** INFORMATION SHOWN follows **
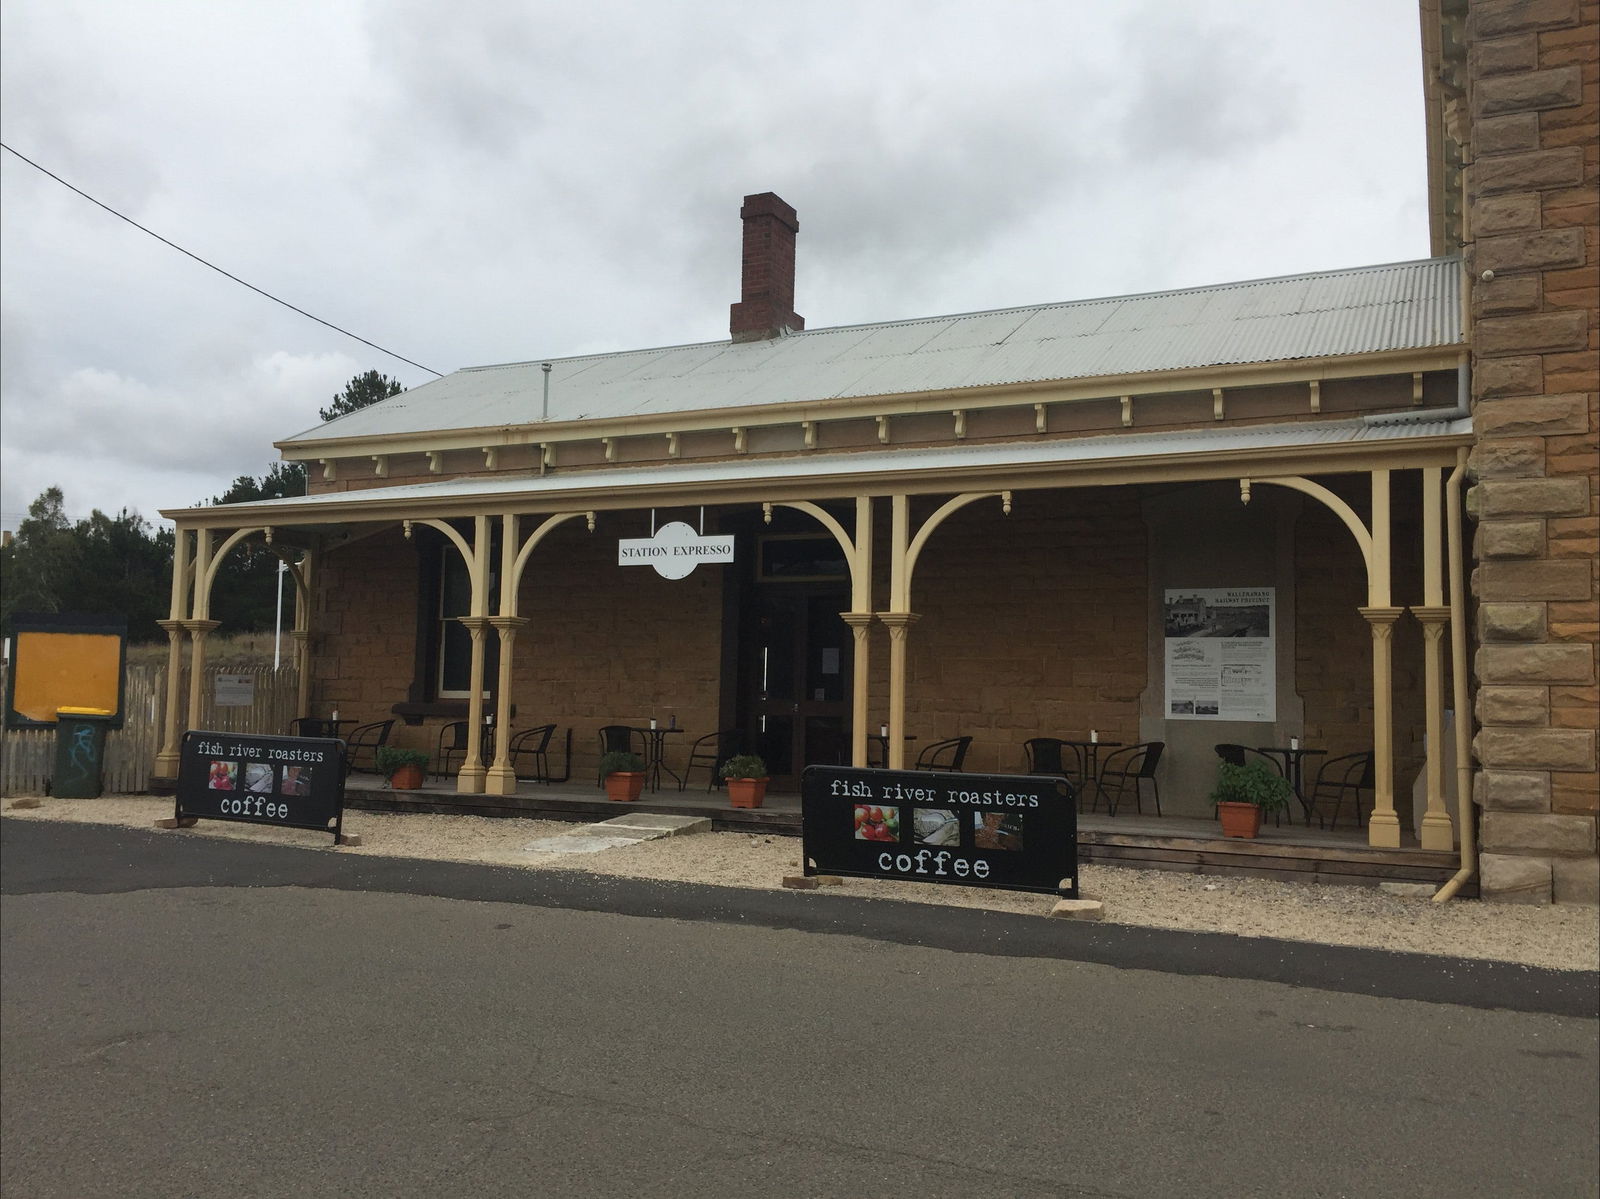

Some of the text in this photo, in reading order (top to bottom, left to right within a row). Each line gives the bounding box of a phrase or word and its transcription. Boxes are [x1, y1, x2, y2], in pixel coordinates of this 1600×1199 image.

[622, 544, 731, 558] STATION EXPRESSO
[198, 741, 324, 762] fish river roasters
[830, 779, 1039, 808] fish river roasters
[220, 795, 288, 818] coffee
[878, 849, 990, 878] coffee
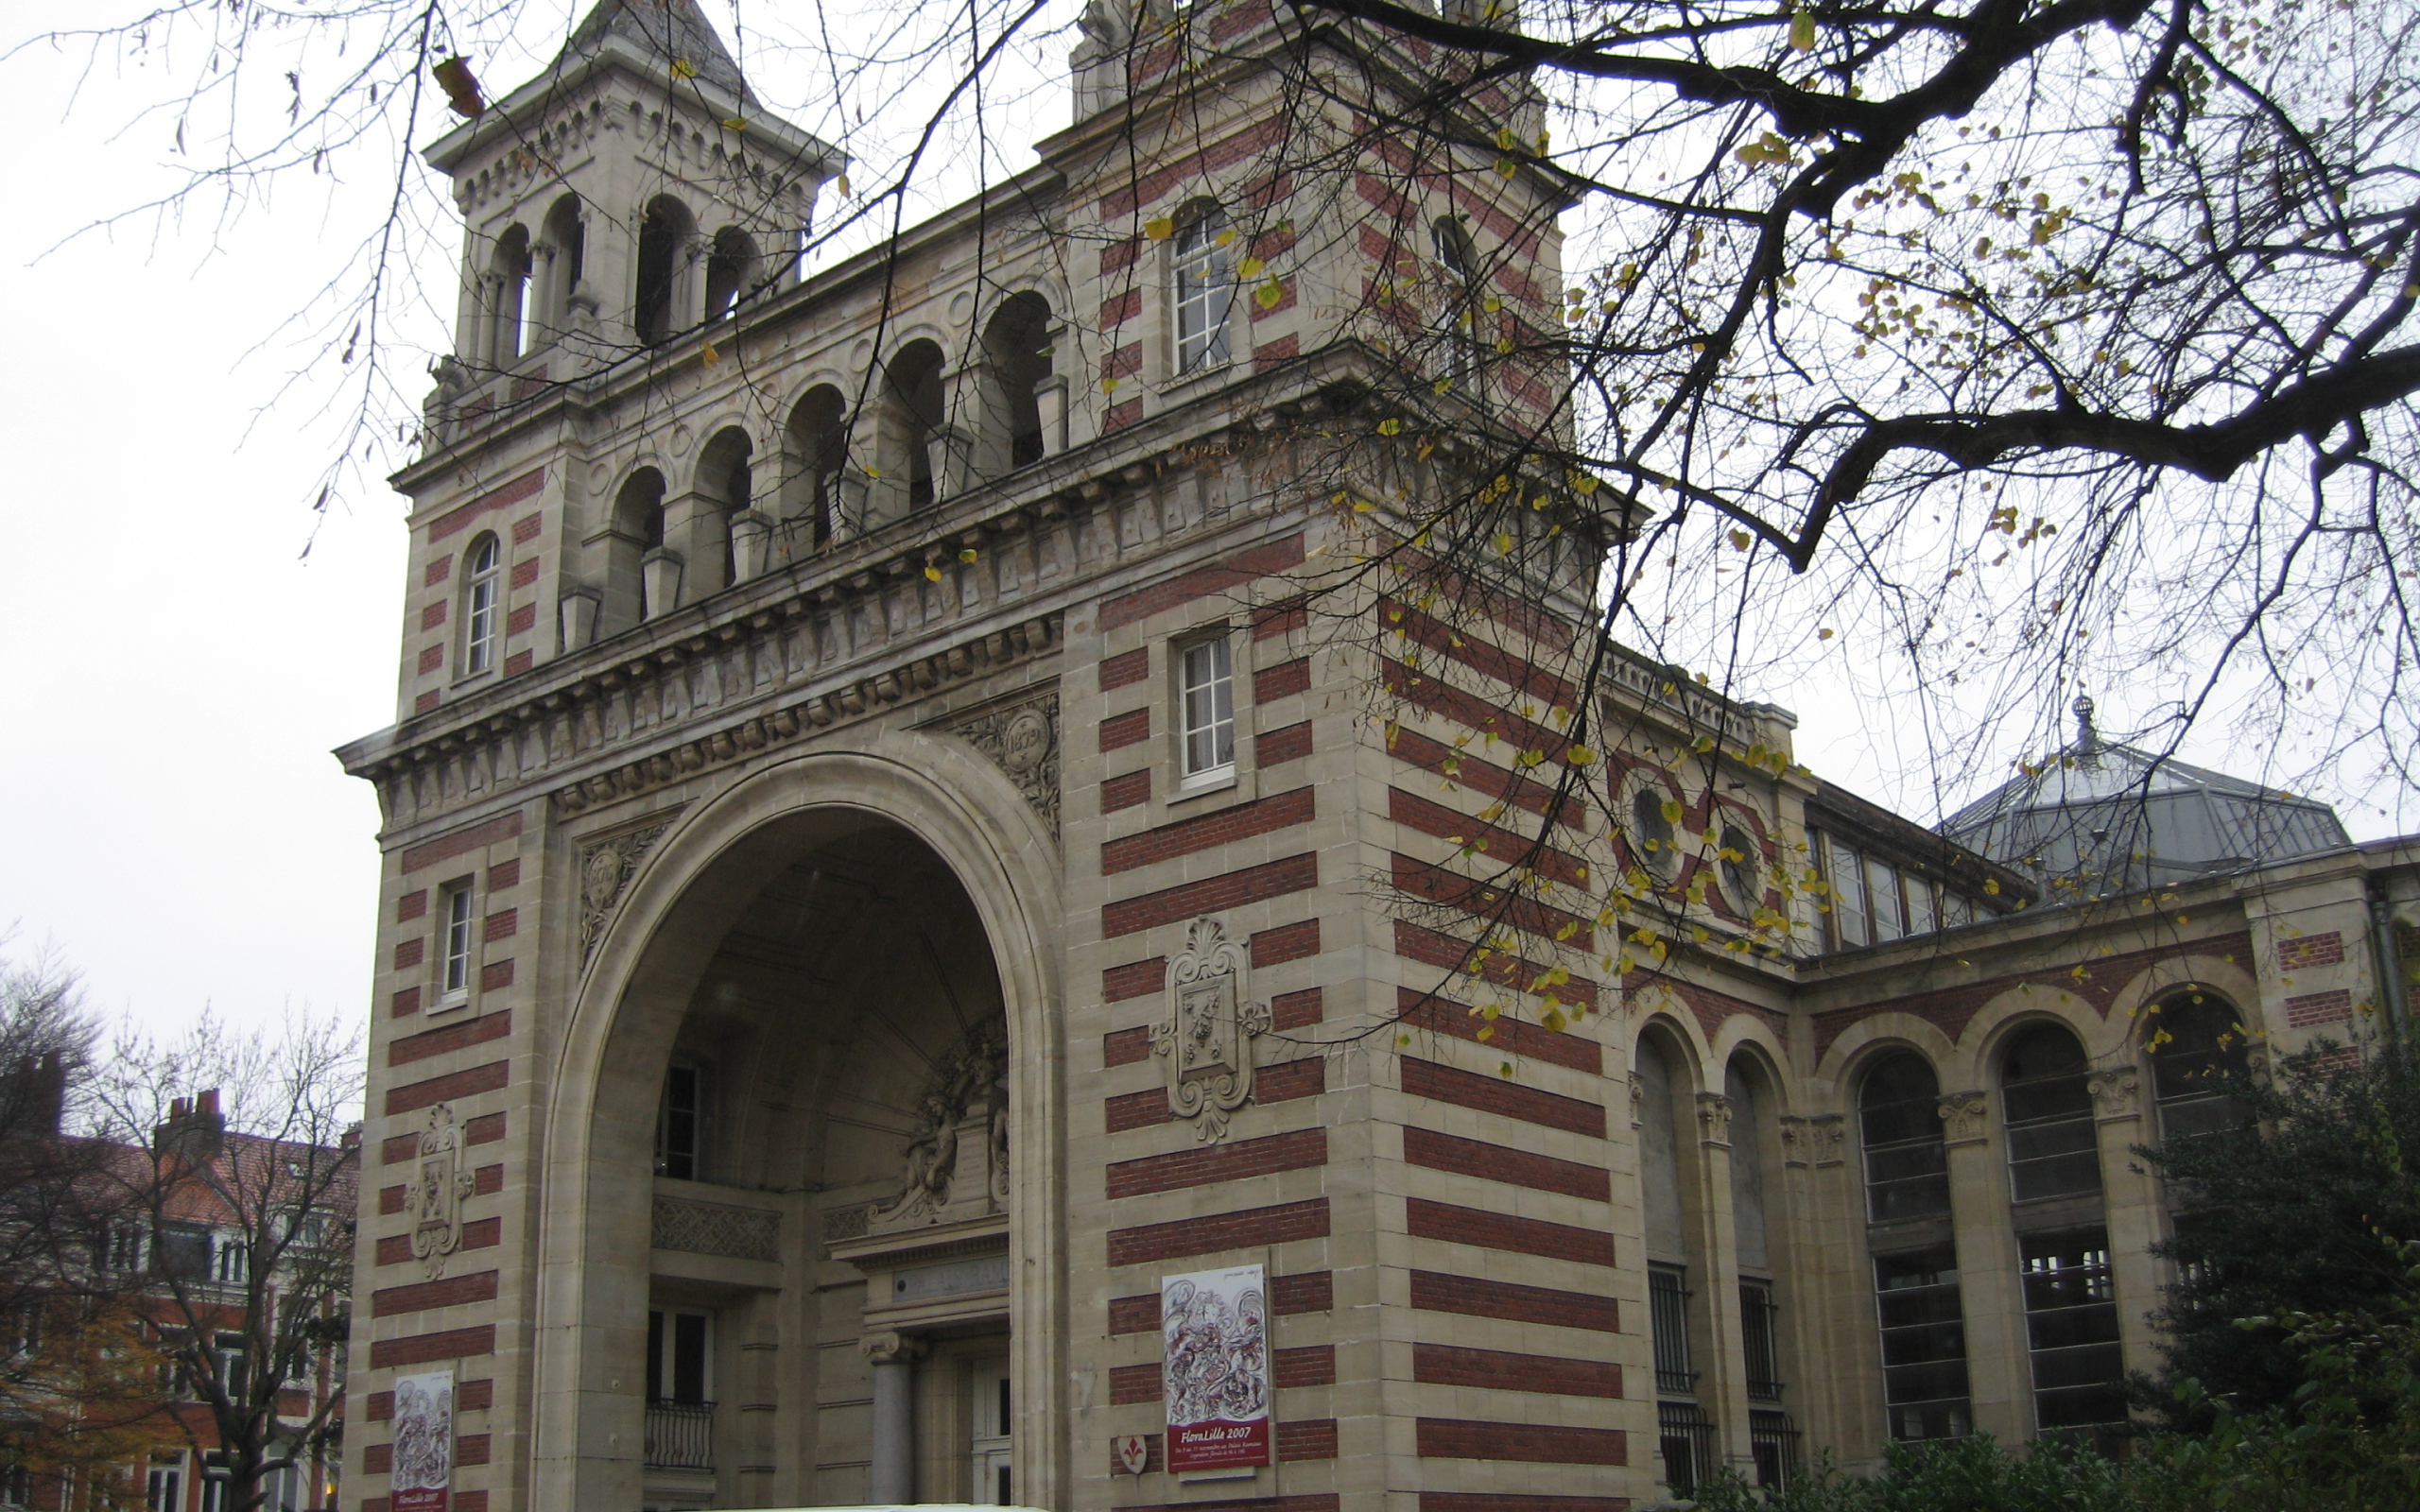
** End of INFORMATION SHOWN **
ACTION ITEM:
I would like the data copied exactly as it stands, with no pictures included.

EXERCISE SOLUTION:
Some of the text in this photo, in reading order (top to bottom, left to right within a row). Each line gives the bounding box of a phrase or word and its transcription. Boxes are [x1, y1, x2, y2], in pixel coordinates of this 1600×1199 image.

[622, 544, 731, 558] STATION EXPRESSO
[198, 741, 324, 762] fish river roasters
[830, 779, 1039, 808] fish river roasters
[220, 795, 288, 818] coffee
[878, 849, 990, 878] coffee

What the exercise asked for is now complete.